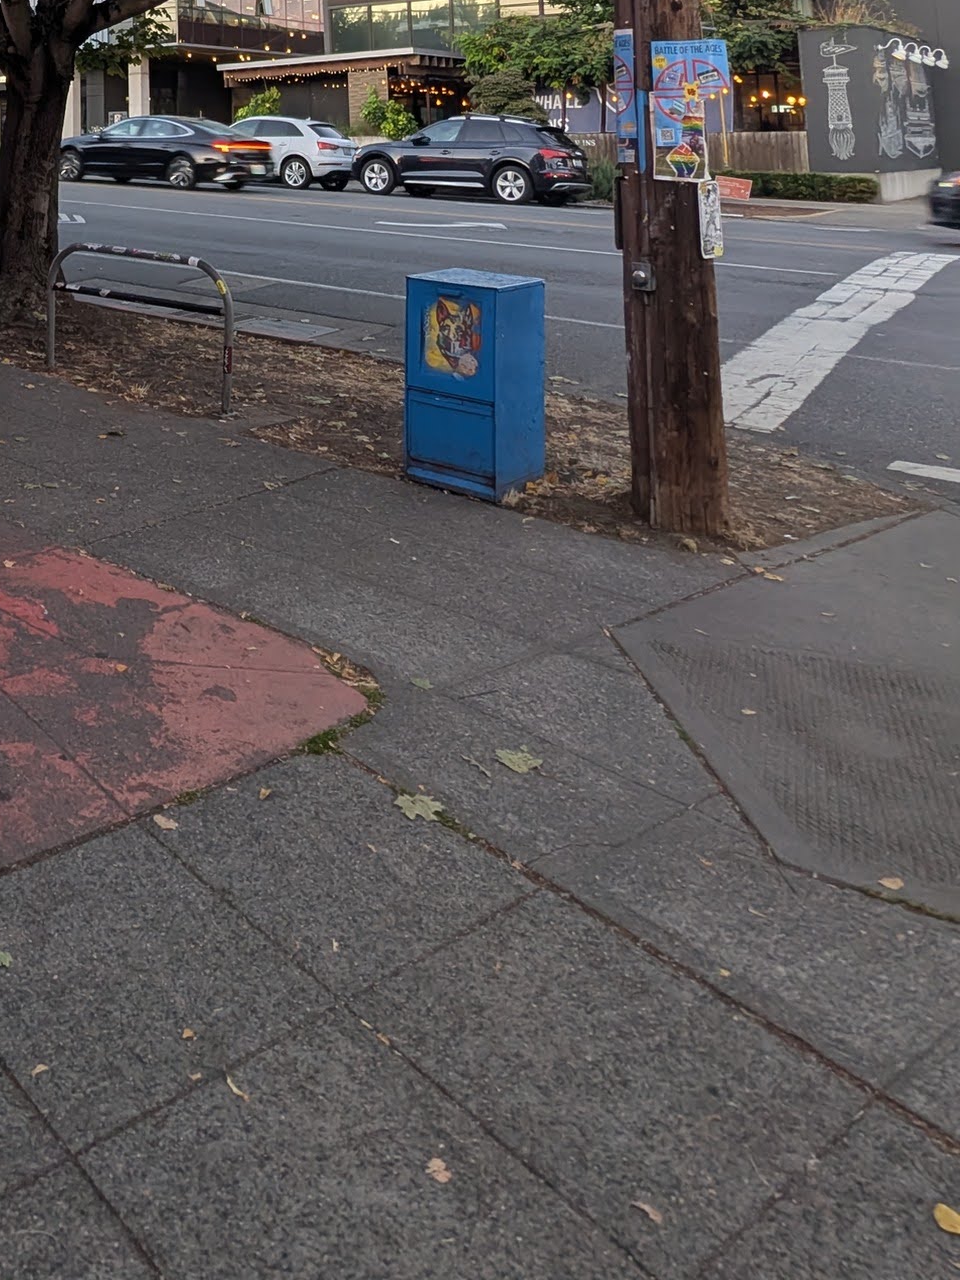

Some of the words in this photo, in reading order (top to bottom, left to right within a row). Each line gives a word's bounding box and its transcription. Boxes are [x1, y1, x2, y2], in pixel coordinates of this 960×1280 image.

[654, 46, 678, 54] BATTLE
[680, 45, 688, 54] OF
[690, 45, 703, 54] THE
[705, 44, 722, 53] AGES
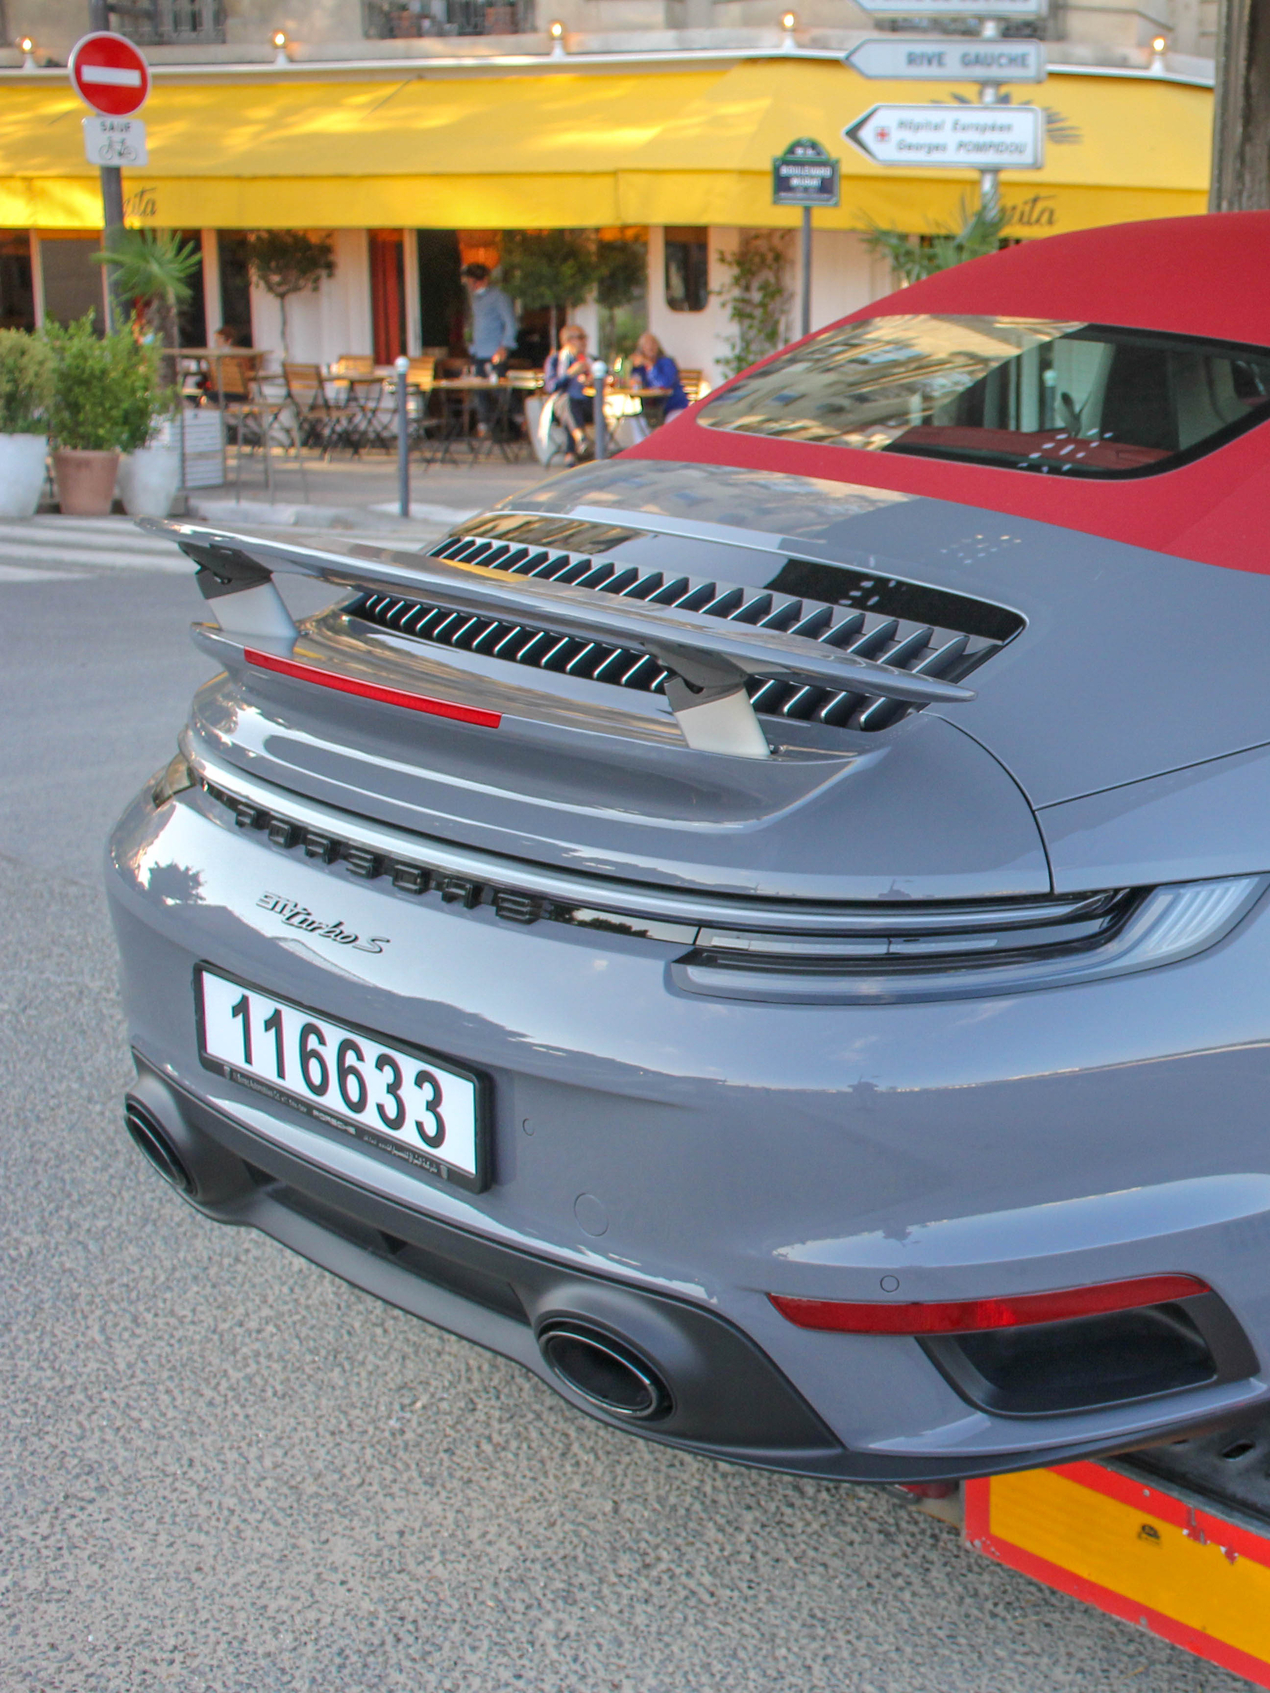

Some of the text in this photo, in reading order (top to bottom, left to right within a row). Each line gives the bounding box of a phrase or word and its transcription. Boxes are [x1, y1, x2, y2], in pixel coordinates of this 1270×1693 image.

[906, 52, 1030, 68] RIVE GAUCHE
[100, 120, 131, 132] SAUF
[896, 139, 1027, 155] Georges POMPIDOU
[780, 164, 832, 178] BOULEVARD
[235, 803, 540, 925] PORSCHE
[281, 908, 359, 945] Turbo
[352, 935, 391, 954] S
[231, 993, 447, 1150] 116633
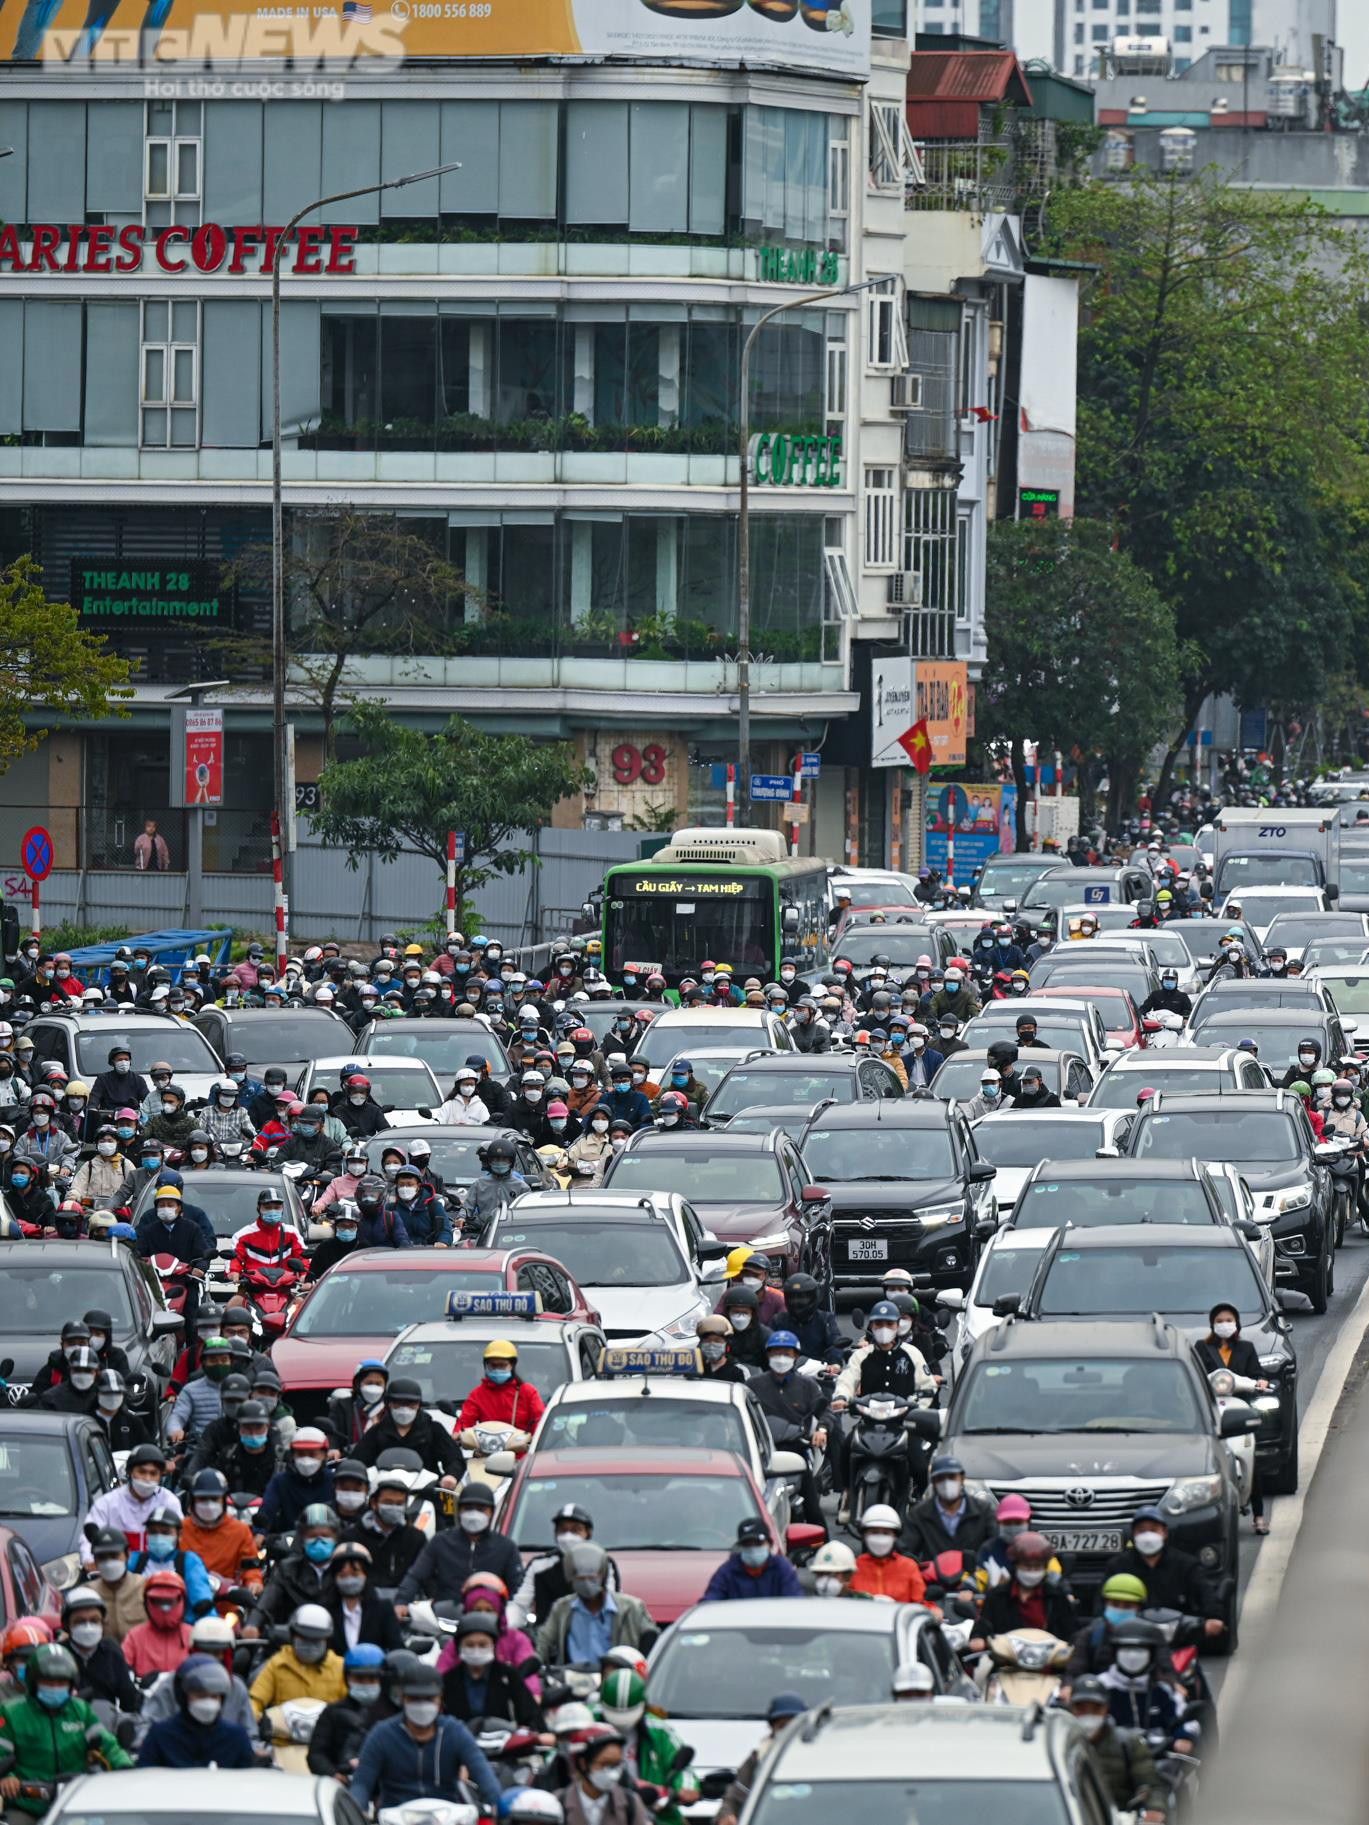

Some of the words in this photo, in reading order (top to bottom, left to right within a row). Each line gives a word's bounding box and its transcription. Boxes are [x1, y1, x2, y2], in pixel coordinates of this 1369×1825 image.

[256, 7, 292, 19] MADE
[296, 7, 309, 18] IN
[313, 7, 338, 18] USA
[412, 4, 441, 18] 1800
[445, 4, 466, 18] 556
[469, 4, 491, 17] 889
[155, 223, 359, 273] COFFEE
[820, 250, 838, 284] 28
[755, 432, 842, 486] COFFEE
[82, 571, 161, 590] THEANH
[165, 572, 190, 590] 28
[82, 596, 220, 617] Entertainment
[612, 744, 666, 785] 93
[296, 786, 316, 805] 93
[1258, 826, 1287, 838] ZTO
[636, 880, 656, 892] CẦU
[698, 884, 718, 893] TAM
[721, 882, 743, 895] HIỆP
[860, 1241, 877, 1250] 30H
[853, 1250, 884, 1259] 570.05
[473, 1299, 492, 1311] SAO
[629, 1353, 651, 1366] SAO
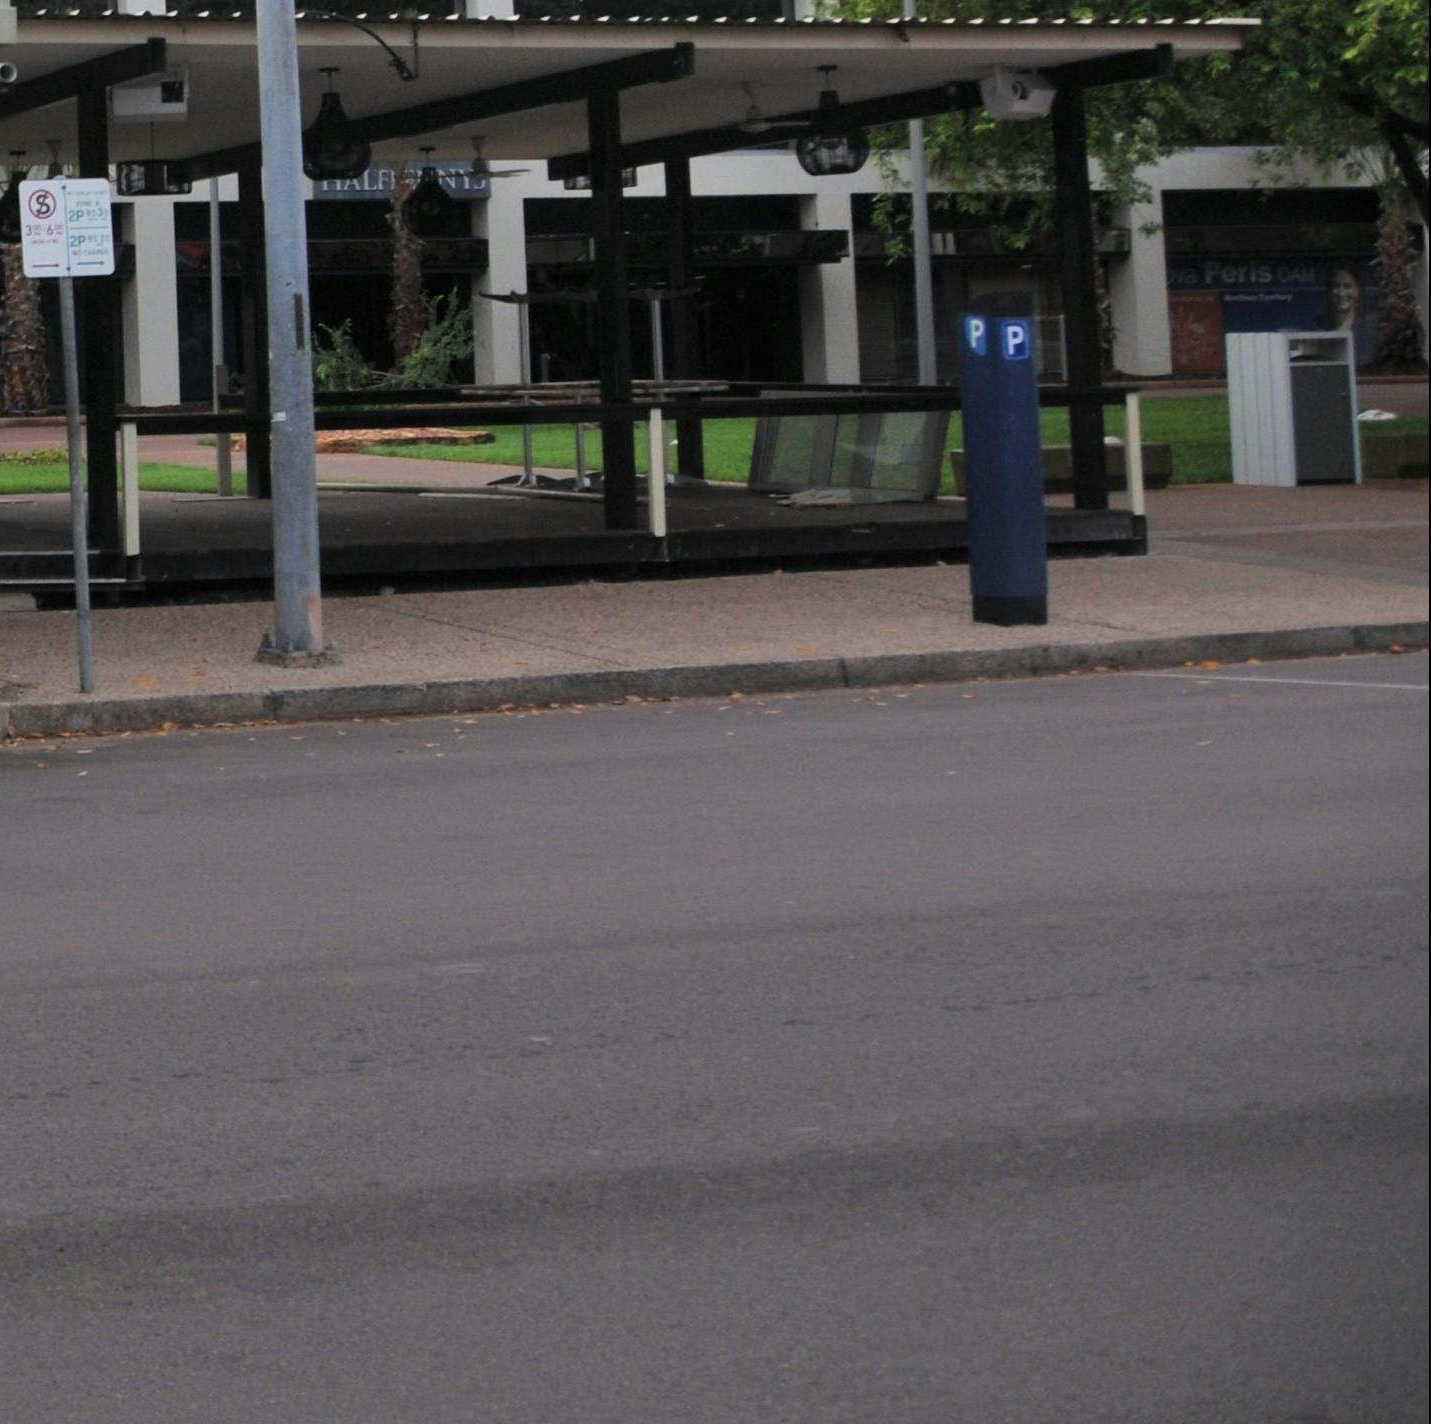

PROBLEM DESCRIPTION – Print the records above verbatim, minus any pictures.

ANSWER TO THIS PROBLEM –
Some of the words in this photo, in reading order (top to bottom, left to right within a row). Each line gives a word's bounding box and its transcription. Boxes are [x1, y1, x2, y2], in pixel coordinates of this 960×1280 image.

[654, 46, 678, 54] BATTLE
[680, 45, 688, 54] OF
[690, 45, 703, 54] THE
[705, 44, 722, 53] AGES

Some of the text in this photo, in reading order (top to bottom, left to right within a row). Each line gives the bounding box of a phrase or word and its transcription. Boxes are [x1, y1, x2, y2], in pixel coordinates of this 1270×1693 image.

[906, 52, 1030, 68] RIVE GAUCHE
[100, 120, 131, 132] SAUF
[896, 139, 1027, 155] Georges POMPIDOU
[780, 164, 832, 178] BOULEVARD
[235, 803, 540, 925] PORSCHE
[281, 908, 359, 945] Turbo
[352, 935, 391, 954] S
[231, 993, 447, 1150] 116633

Some of the words in this photo, in reading order (top to bottom, left to right within a row). Each line gives a word's bounding box and its transcription. Boxes are [x1, y1, x2, y2], in pixel coordinates of this 1369×1825 image.

[256, 7, 292, 19] MADE
[296, 7, 309, 18] IN
[313, 7, 338, 18] USA
[412, 4, 441, 18] 1800
[445, 4, 466, 18] 556
[469, 4, 491, 17] 889
[155, 223, 359, 273] COFFEE
[820, 250, 838, 284] 28
[755, 432, 842, 486] COFFEE
[82, 571, 161, 590] THEANH
[165, 572, 190, 590] 28
[82, 596, 220, 617] Entertainment
[612, 744, 666, 785] 93
[296, 786, 316, 805] 93
[1258, 826, 1287, 838] ZTO
[636, 880, 656, 892] CẦU
[698, 884, 718, 893] TAM
[721, 882, 743, 895] HIỆP
[860, 1241, 877, 1250] 30H
[853, 1250, 884, 1259] 570.05
[473, 1299, 492, 1311] SAO
[629, 1353, 651, 1366] SAO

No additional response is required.